→ **PROBLEM DESCRIPTION**
Could you give the records below again exactly, without the pictures?
--- DATASET ENTRIES Enclosed Below ---
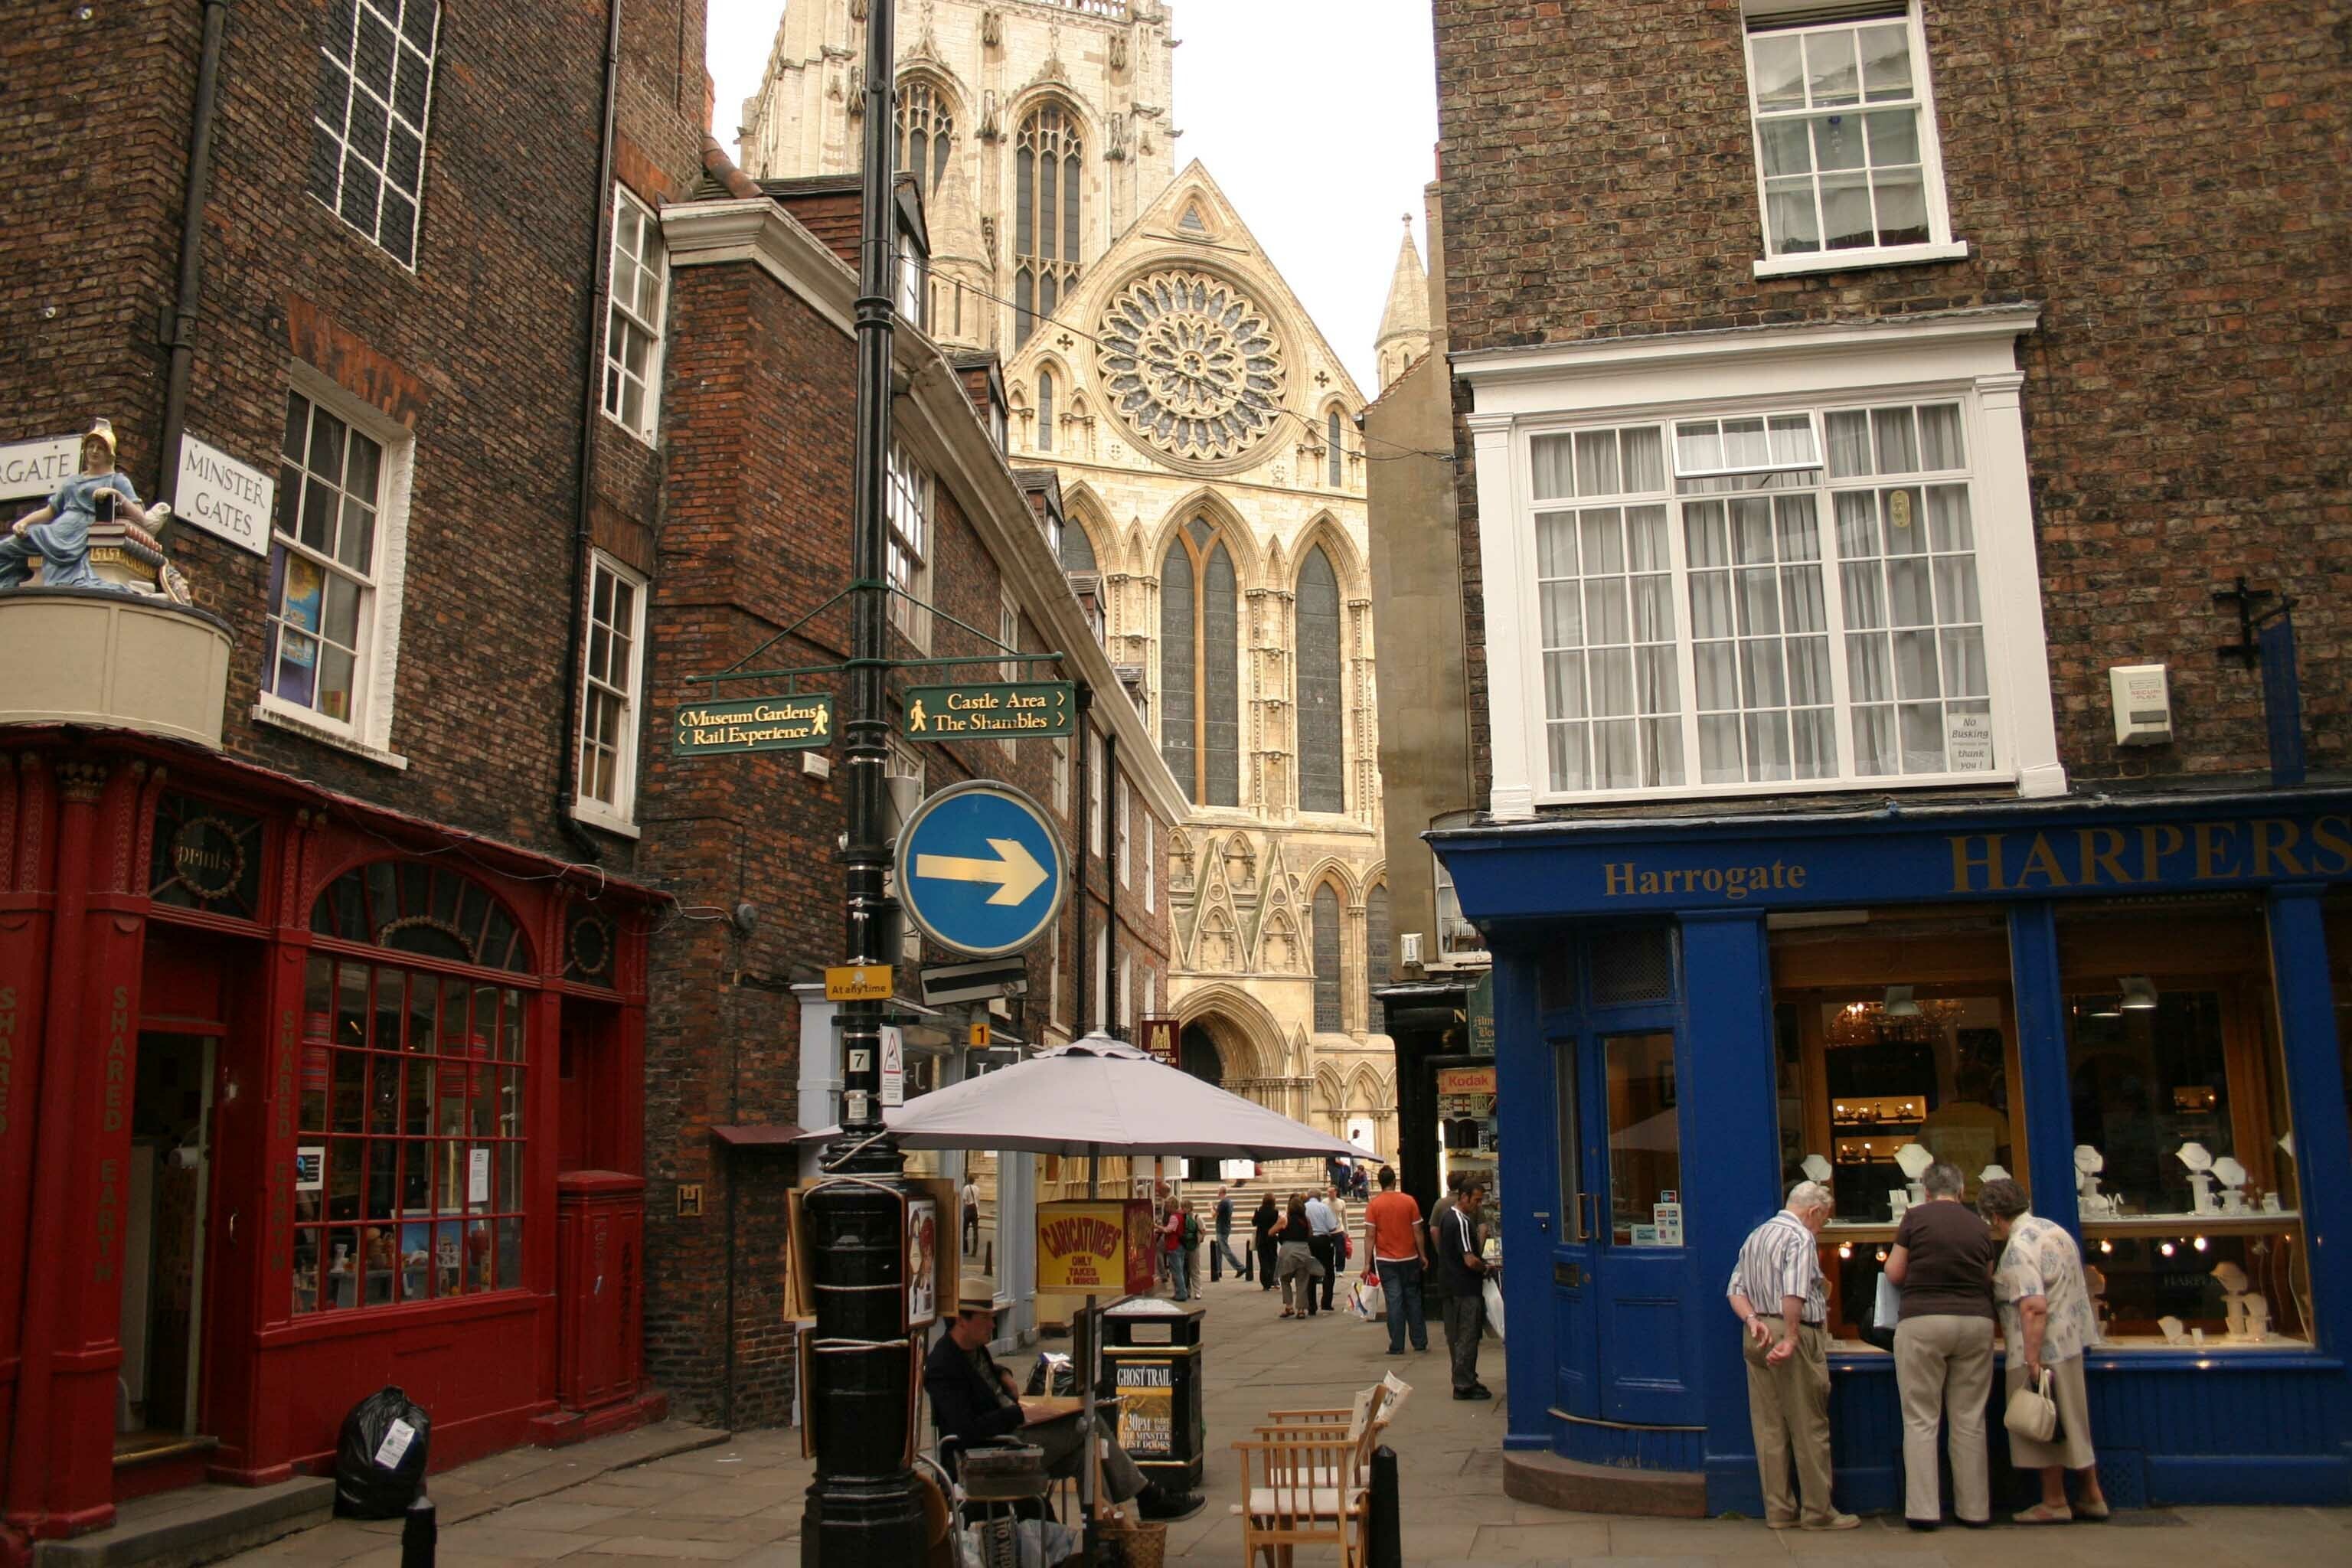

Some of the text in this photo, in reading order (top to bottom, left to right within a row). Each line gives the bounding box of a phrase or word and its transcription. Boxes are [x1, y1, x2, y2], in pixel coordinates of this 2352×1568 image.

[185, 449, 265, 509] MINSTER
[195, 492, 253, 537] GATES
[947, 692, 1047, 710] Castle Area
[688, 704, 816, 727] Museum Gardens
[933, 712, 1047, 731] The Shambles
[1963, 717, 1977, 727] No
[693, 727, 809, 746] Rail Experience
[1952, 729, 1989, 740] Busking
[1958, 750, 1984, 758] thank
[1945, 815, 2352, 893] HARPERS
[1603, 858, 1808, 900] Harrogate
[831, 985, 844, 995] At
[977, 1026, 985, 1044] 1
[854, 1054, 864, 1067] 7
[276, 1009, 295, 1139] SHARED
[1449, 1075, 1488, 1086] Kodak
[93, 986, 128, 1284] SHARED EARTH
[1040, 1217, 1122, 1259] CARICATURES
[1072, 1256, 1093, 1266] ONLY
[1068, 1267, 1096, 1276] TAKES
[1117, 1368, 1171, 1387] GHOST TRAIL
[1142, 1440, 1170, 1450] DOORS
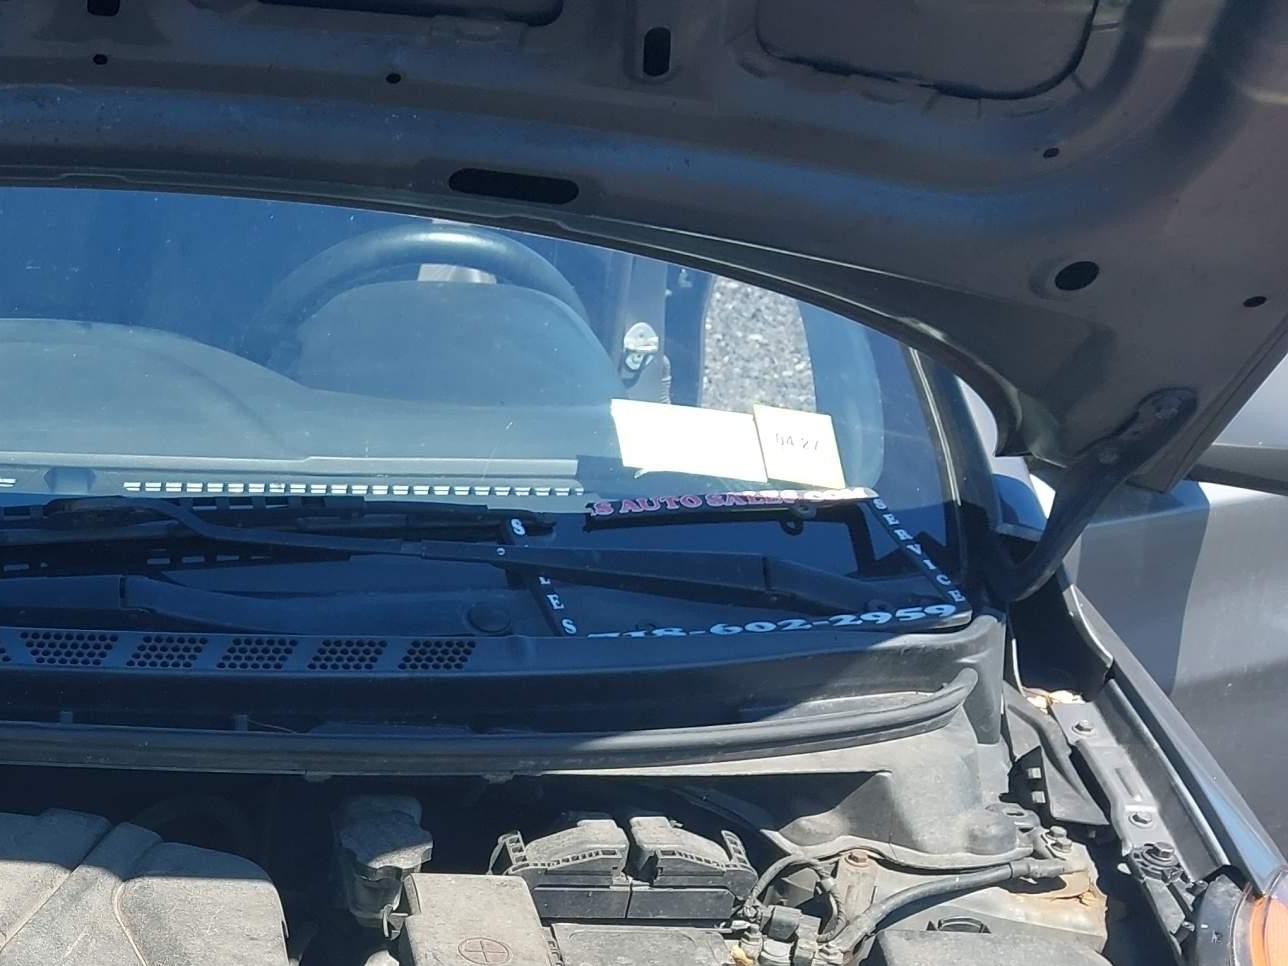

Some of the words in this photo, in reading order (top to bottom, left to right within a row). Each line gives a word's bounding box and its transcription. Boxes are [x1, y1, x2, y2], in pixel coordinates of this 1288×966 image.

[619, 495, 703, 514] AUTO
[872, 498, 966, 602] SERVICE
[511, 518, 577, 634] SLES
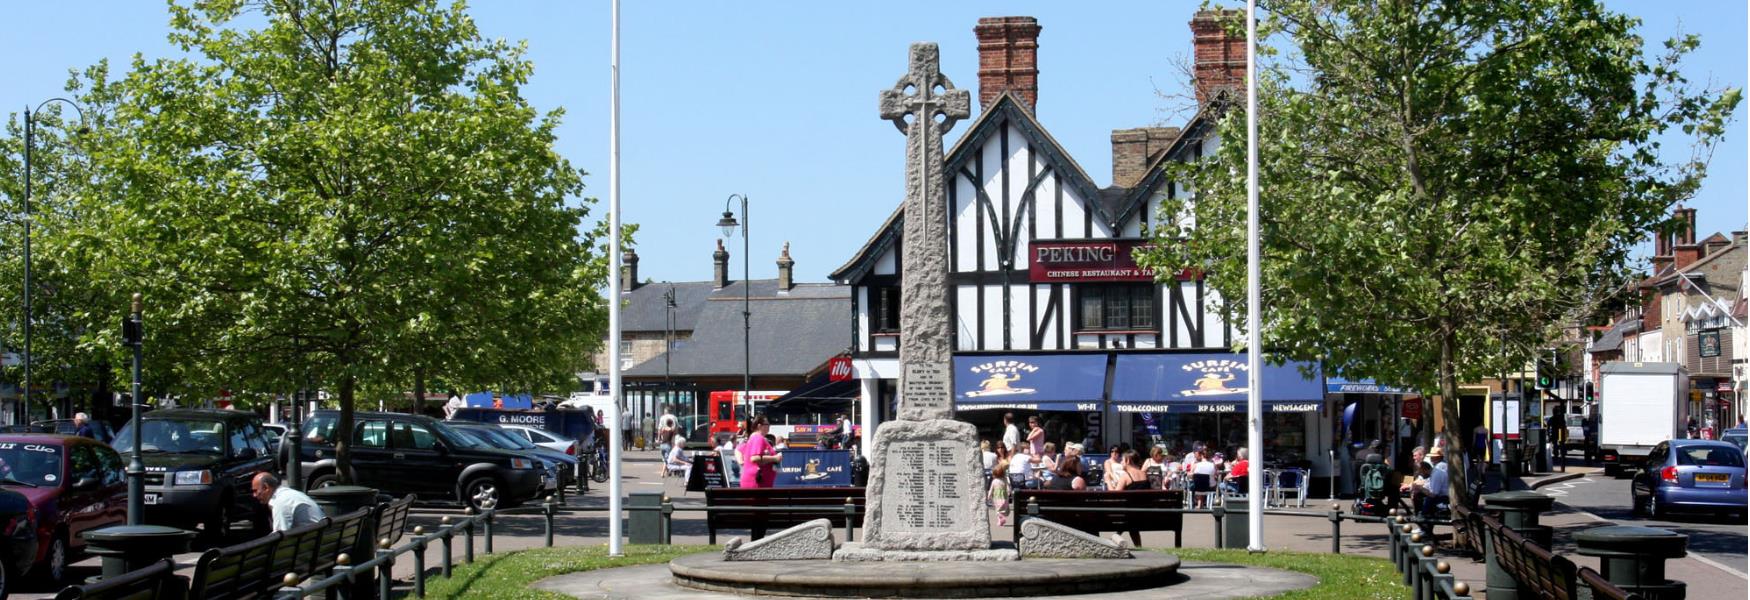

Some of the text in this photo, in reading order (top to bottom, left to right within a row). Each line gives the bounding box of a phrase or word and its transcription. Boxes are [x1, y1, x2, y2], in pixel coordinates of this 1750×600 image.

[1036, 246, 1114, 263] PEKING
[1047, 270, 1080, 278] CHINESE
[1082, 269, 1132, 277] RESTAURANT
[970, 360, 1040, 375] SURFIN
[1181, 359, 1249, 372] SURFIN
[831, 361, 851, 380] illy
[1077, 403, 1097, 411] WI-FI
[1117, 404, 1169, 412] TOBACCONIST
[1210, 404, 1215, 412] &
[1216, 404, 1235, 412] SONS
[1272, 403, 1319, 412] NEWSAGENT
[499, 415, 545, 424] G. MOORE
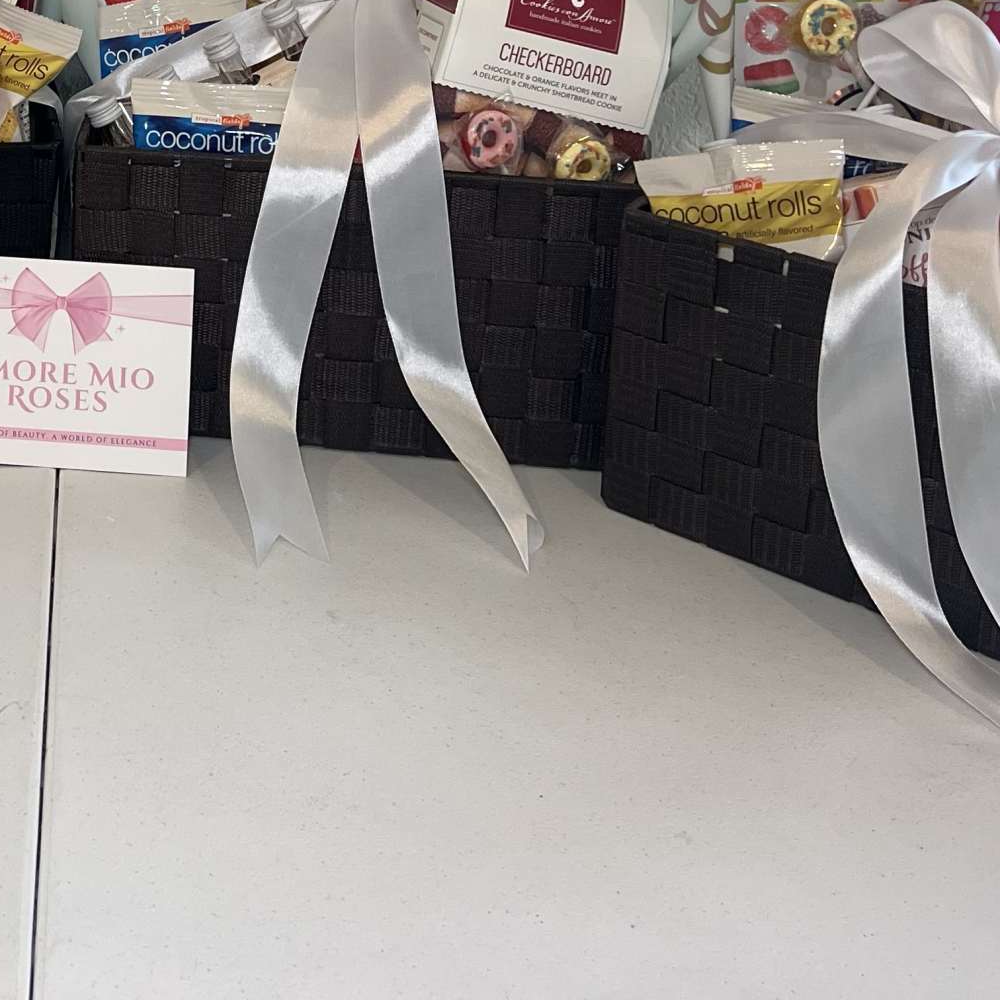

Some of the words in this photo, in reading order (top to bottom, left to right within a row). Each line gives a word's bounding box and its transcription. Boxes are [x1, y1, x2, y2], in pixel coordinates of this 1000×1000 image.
--- End of Enclosed DATASET ENTRIES ---
→ **SOLUTION FOR THIS TASK**
Some of the text in this photo, in reading order (top to bottom, left to right within a row). Each line gives the bounding box of a phrase or word and its transcription. Boxes are [x1, y1, x2, y2], in pixel coordinates of this 2352×1568 image.

[185, 449, 265, 509] MINSTER
[195, 492, 253, 537] GATES
[947, 692, 1047, 710] Castle Area
[688, 704, 816, 727] Museum Gardens
[933, 712, 1047, 731] The Shambles
[1963, 717, 1977, 727] No
[693, 727, 809, 746] Rail Experience
[1952, 729, 1989, 740] Busking
[1958, 750, 1984, 758] thank
[1945, 815, 2352, 893] HARPERS
[1603, 858, 1808, 900] Harrogate
[831, 985, 844, 995] At
[977, 1026, 985, 1044] 1
[854, 1054, 864, 1067] 7
[276, 1009, 295, 1139] SHARED
[1449, 1075, 1488, 1086] Kodak
[93, 986, 128, 1284] SHARED EARTH
[1040, 1217, 1122, 1259] CARICATURES
[1072, 1256, 1093, 1266] ONLY
[1068, 1267, 1096, 1276] TAKES
[1117, 1368, 1171, 1387] GHOST TRAIL
[1142, 1440, 1170, 1450] DOORS

Some of the words in this photo, in reading order (top to bottom, left to right within a row). Each line gives a word's bounding box and its transcription. Boxes are [x1, y1, x2, y2], in pixel coordinates of this 1288×966 image.

[619, 495, 703, 514] AUTO
[872, 498, 966, 602] SERVICE
[511, 518, 577, 634] SLES

Some of the text in this photo, in reading order (top to bottom, left to right within a row). Each line gives the bounding box of a phrase or word and its transcription. Boxes are [x1, y1, x2, y2], in pixel coordinates of this 1750×600 image.

[1036, 246, 1114, 263] PEKING
[1047, 270, 1080, 278] CHINESE
[1082, 269, 1132, 277] RESTAURANT
[970, 360, 1040, 375] SURFIN
[1181, 359, 1249, 372] SURFIN
[831, 361, 851, 380] illy
[1077, 403, 1097, 411] WI-FI
[1117, 404, 1169, 412] TOBACCONIST
[1210, 404, 1215, 412] &
[1216, 404, 1235, 412] SONS
[1272, 403, 1319, 412] NEWSAGENT
[499, 415, 545, 424] G. MOORE

Some of the words in this photo, in reading order (top to bottom, left to right within a row). Each line gives a word's bounding box and its transcription. Boxes are [x1, y1, x2, y2], in pixel coordinates of this 1000×1000 image.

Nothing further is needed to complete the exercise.